Tatyana Yanchuk, who watched the drama from her home five years ago, said her most vivid memory was "the ambulances with wailing sirens rushing along the empty dark street" on the morning the standoff ended.
But there were not enough ambulances, and some of the hostages were loaded onto buses.
A report by the liberal Union of Right Forces party months after the attack said the negligence of officials caused needless deaths. The report faulted authorities for refusing to divulge the composition of the gas to doctors immediately, failing to organize emergency treatment outside the theater, and handling the victims carelessly.
It said many victims were carried by their hands and feet, with their faces up, so they swallowed their tongues. Some were piled into buses without adequate medical personnel to aid them en route to the hospital.
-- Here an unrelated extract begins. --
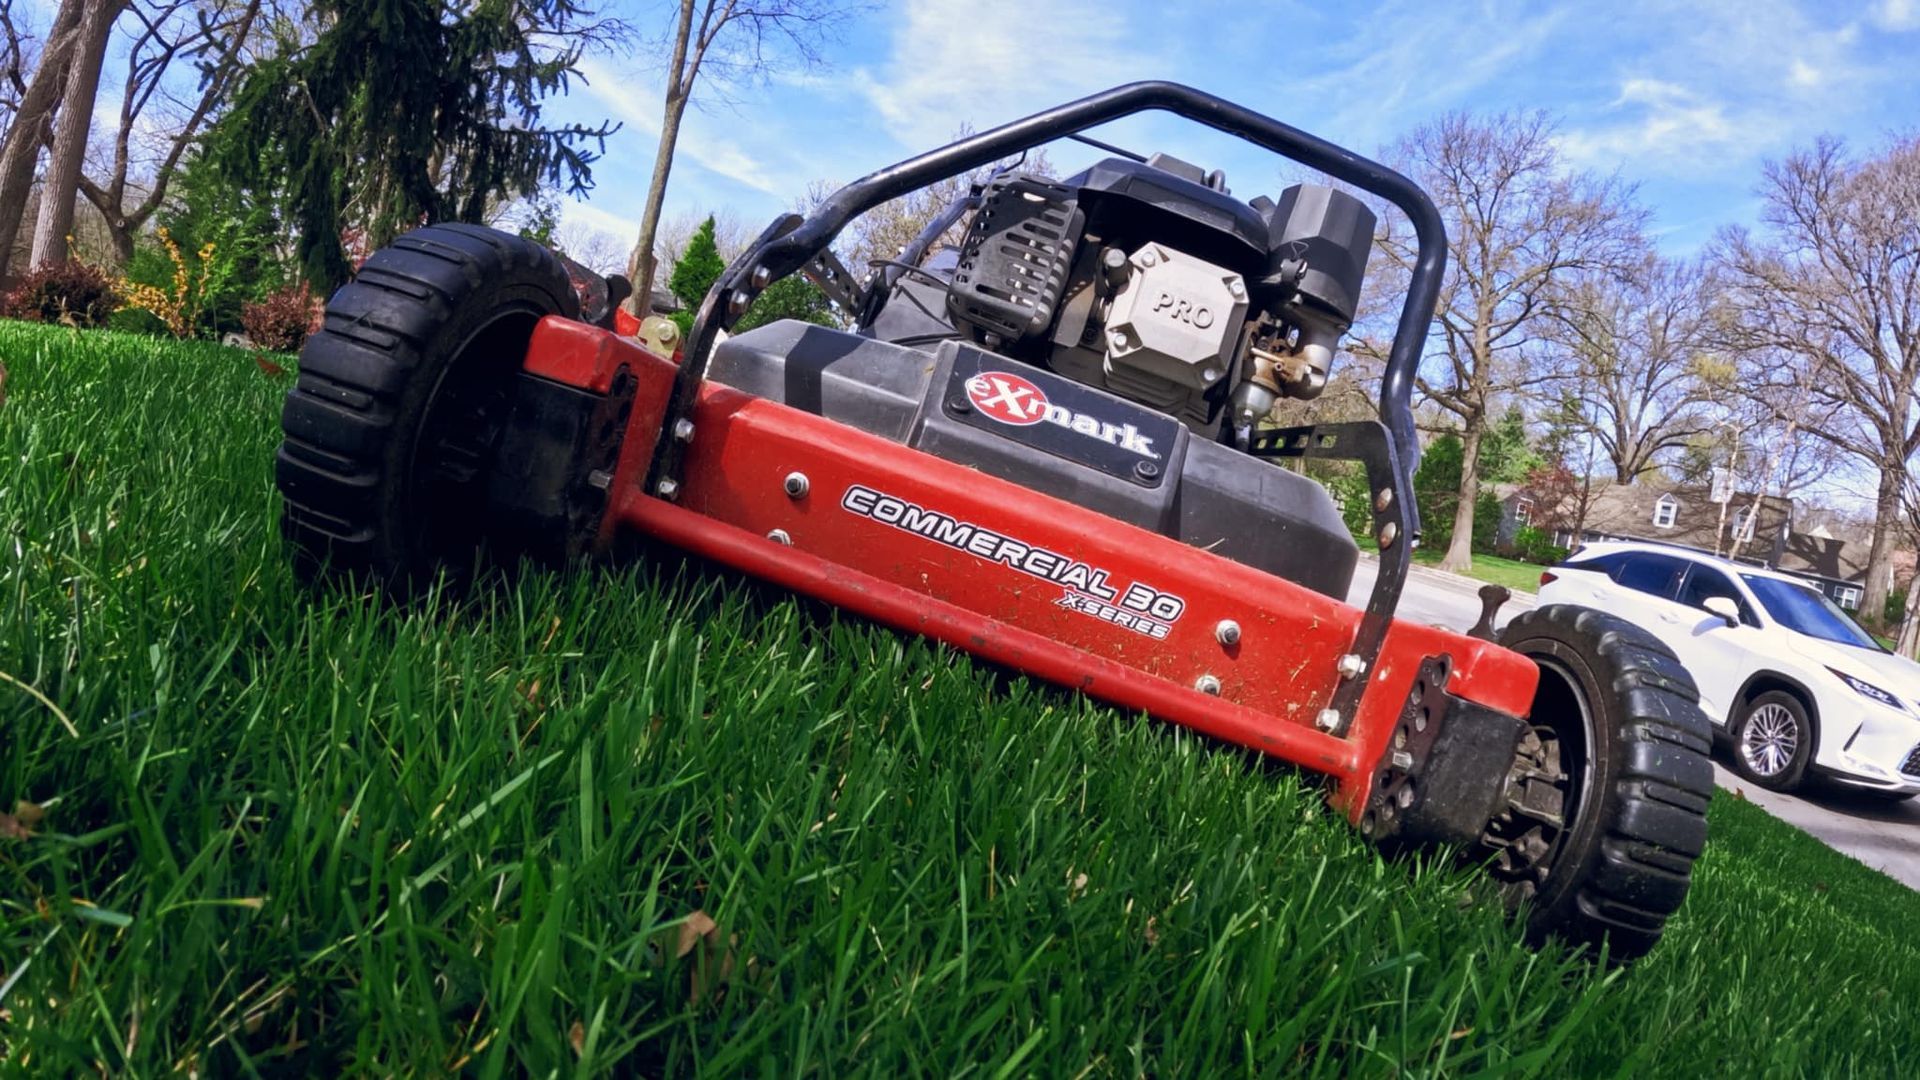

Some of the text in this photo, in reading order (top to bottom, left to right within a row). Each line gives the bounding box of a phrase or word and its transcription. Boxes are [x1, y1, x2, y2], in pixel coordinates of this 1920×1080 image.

A radio reporter who helped unload patients from buses at one hospital testified that about 50 hostages were dead on arrival.
Witnesses and relatives have said that some victims, unconscious but alive, were put in plastic bags and thrown together with the dead.
Officials said all the attackers were killed.
The Kremlin has maintained the operation was handled properly. A month after the raid, Russia's parliament turned down two proposals to set up a commission to investigate it. Some officials who commanded the operation were given state awards.
In 2003, some of the victims' relatives filed suit with the European Court on Human Rights, where they expect hearings to begin later this year.